The Southern NSW Mallee Important Bird Area comprises an irregularly shaped 8232 km^{2} tract of land in south-western New South Wales, Australia. It is roughly bounded by the Murray River in the south, the Darling River in the west, and the Willandra Lakes in the north. It lies north-west of the town of Balranald, north of Robinvale and east of Mildura.

==Description==
The exact boundaries of the Important Bird Area (IBA) are defined by the presence of remnant mallee woodland and shrubland habitat, excluding areas that have been cleared or support other plant communities. The landscape is mainly mallee on flat or undulating sand plains, much of which is used for grazing. The climate is semi-arid; temperatures range from a mean maximum in January of 33 °C to a July minimum of 4.5 °C; mean annual rainfall is about 280 mm.
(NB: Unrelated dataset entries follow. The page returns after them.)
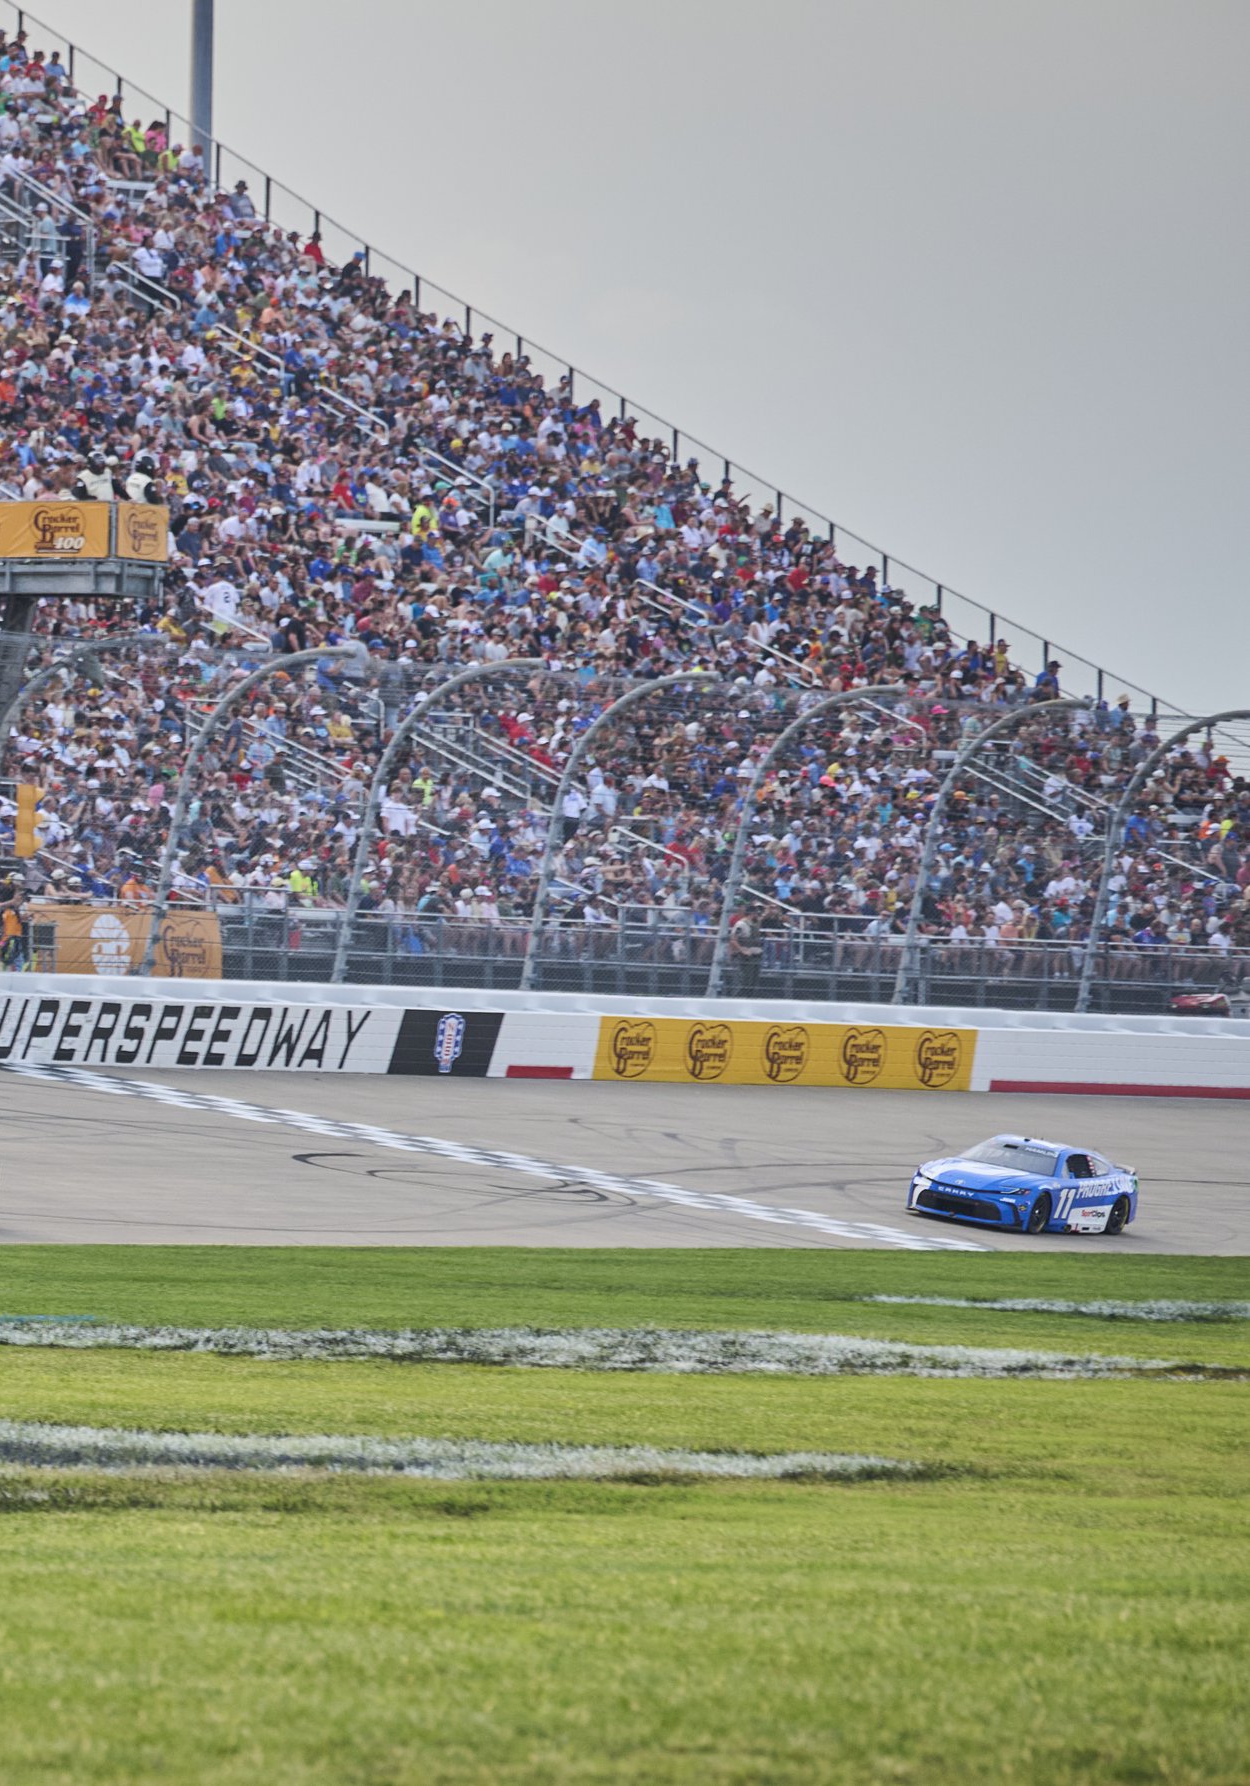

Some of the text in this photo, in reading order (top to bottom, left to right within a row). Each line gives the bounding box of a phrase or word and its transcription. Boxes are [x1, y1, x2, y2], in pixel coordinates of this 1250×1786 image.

[34, 510, 79, 532] Cracker
[41, 524, 79, 543] Barrel
[54, 537, 85, 549] 400
[613, 1027, 651, 1057] Cracker
[689, 1030, 728, 1060] Cracker
[766, 1032, 804, 1062] Cracker
[843, 1035, 882, 1065] Cracker
[918, 1038, 956, 1068] Cracker
[1053, 1188, 1077, 1219] 11
The site includes several small reserves as well as Mallee Cliffs National Park and part of Mungo National Park.

==Birds==
The site has been identified by BirdLife International as an IBA because it either is known to support, or contains suitable habitat for, a significant population (estimated at 500 individuals) of the vulnerable malleefowl. Other notable birds recorded in the IBA include flame robins, black and pied honeyeaters, Major Mitchell's cockatoos, purple-crowned lorikeets, regent parrots, shy heathwrens, southern scrub-robins, hooded robins, chestnut quail-thrushes and Gilbert's whistlers.